- _Brief_
Please print every record below exactly as it appears, but leave out the pictures.

Records excerpted from a collection

* * * * * * * * *

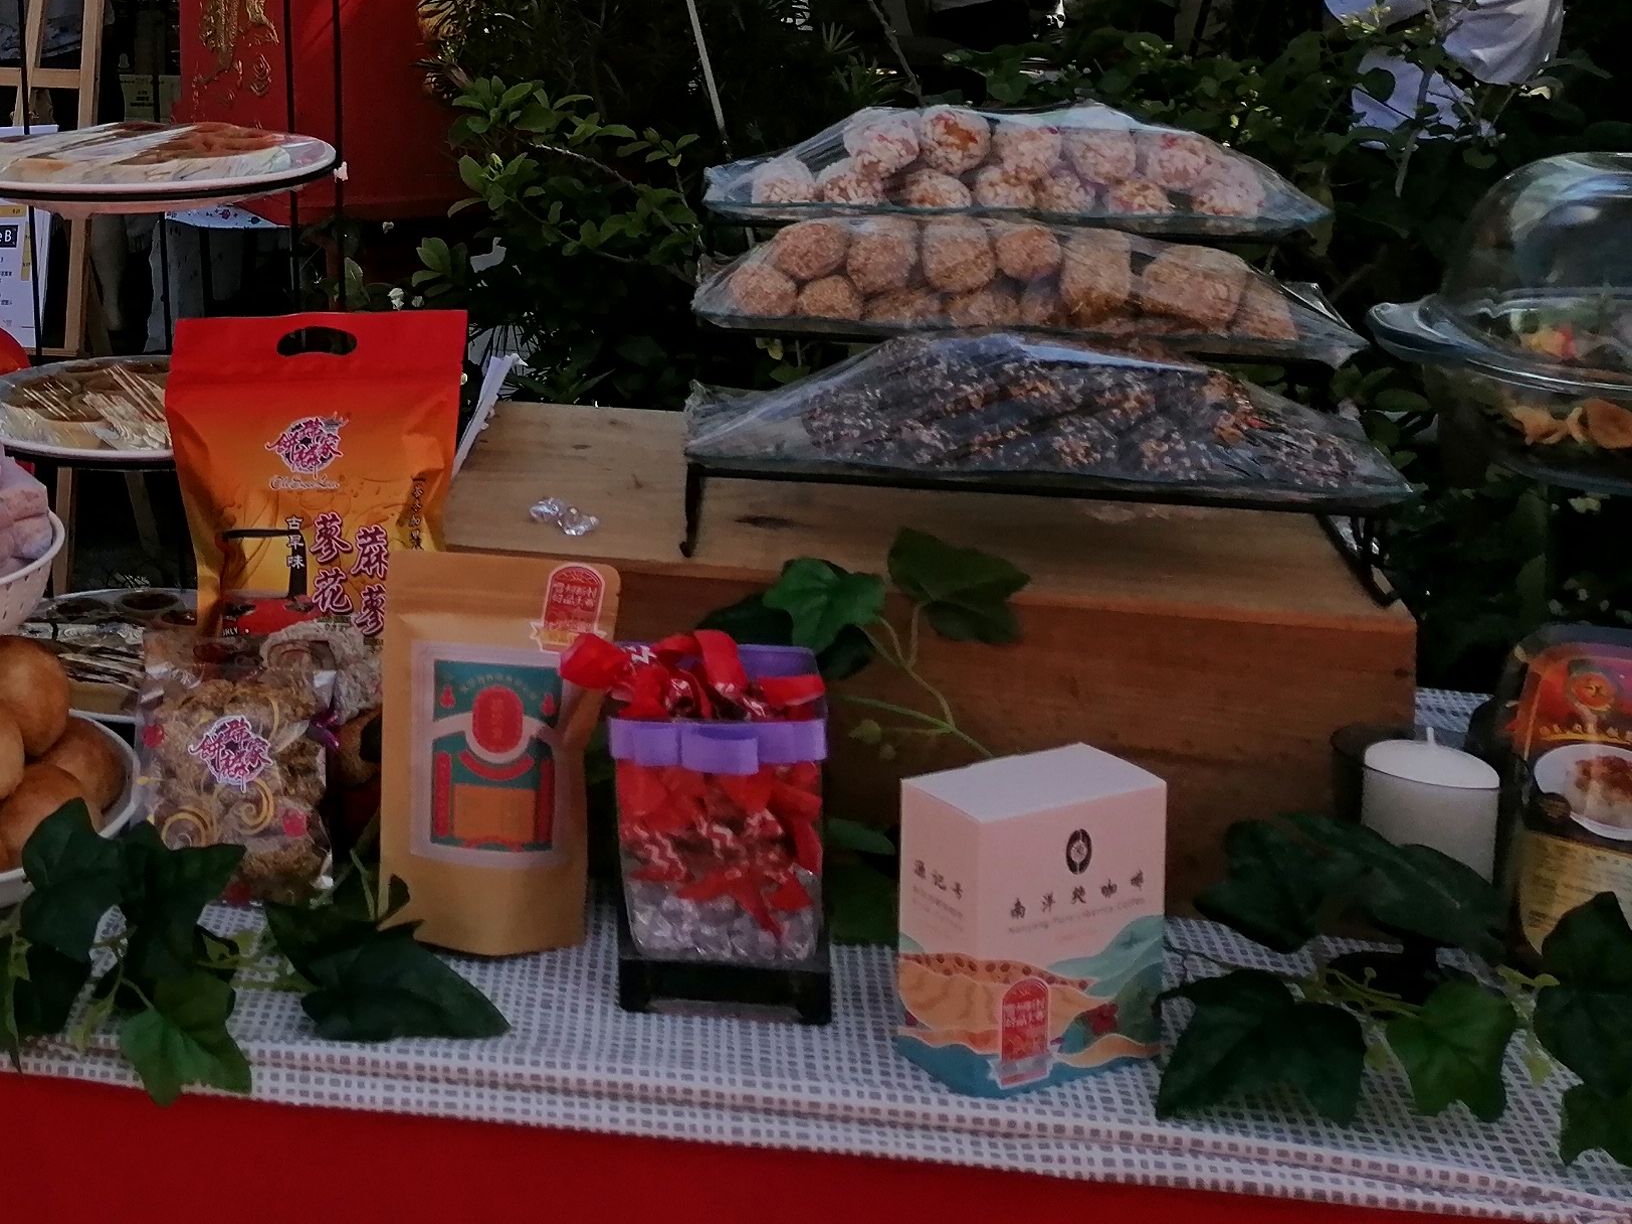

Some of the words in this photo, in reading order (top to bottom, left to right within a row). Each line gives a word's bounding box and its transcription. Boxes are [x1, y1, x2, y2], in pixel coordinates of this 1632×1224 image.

[4, 229, 12, 243] B
[285, 515, 306, 569] 古早味
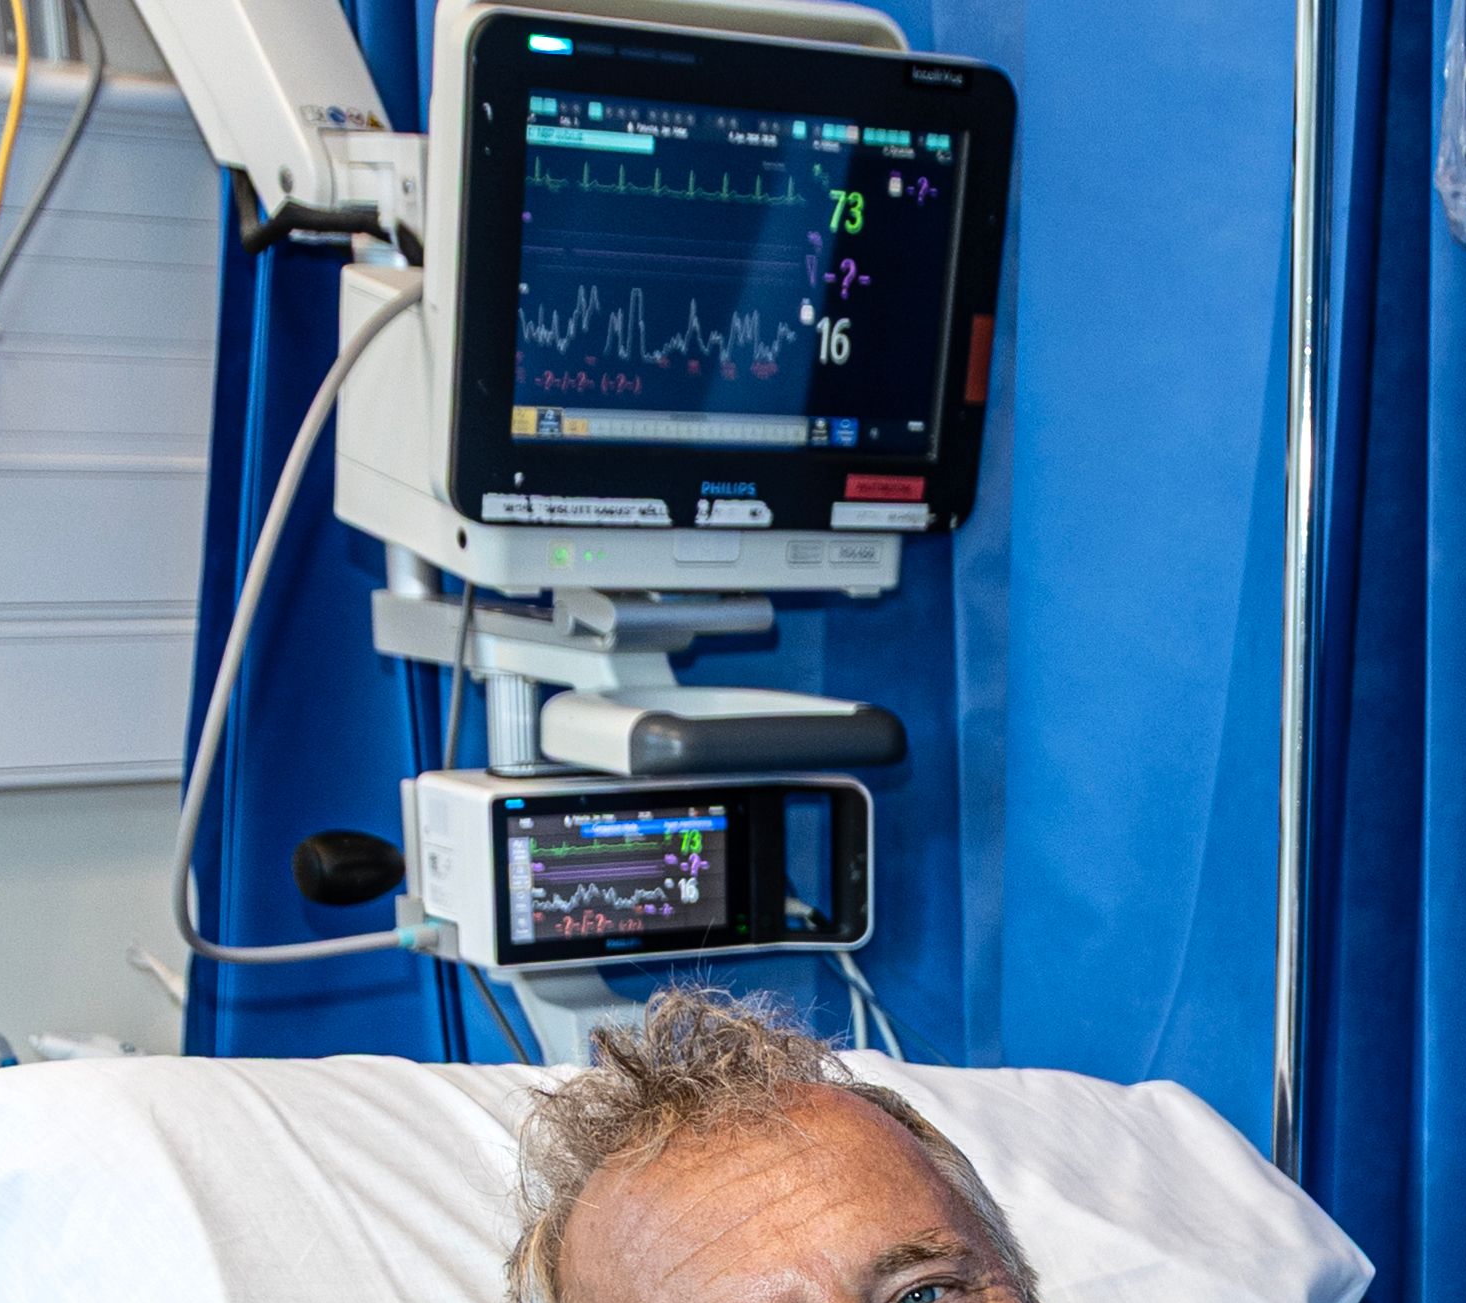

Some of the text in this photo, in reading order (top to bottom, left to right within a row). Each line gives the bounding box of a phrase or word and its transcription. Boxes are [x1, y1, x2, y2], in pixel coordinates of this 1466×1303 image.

[829, 189, 864, 234] 73
[816, 316, 852, 366] 16
[700, 481, 757, 497] PHILIPS
[680, 829, 703, 855] 73
[678, 877, 700, 904] 16

* * * * * * * * *

- _Your solution_
Some of the words in this photo, in reading order (top to bottom, left to right within a row). Each line gives a word's bounding box and its transcription. Boxes are [x1, y1, x2, y2], in pixel coordinates of this 1632×1224 image.

[4, 229, 12, 243] B
[285, 515, 306, 569] 古早味

Some of the text in this photo, in reading order (top to bottom, left to right within a row). Each line gives the bounding box of a phrase or word and its transcription. Boxes are [x1, y1, x2, y2], in pixel coordinates of this 1466×1303 image.

[829, 189, 864, 234] 73
[816, 316, 852, 366] 16
[700, 481, 757, 497] PHILIPS
[680, 829, 703, 855] 73
[678, 877, 700, 904] 16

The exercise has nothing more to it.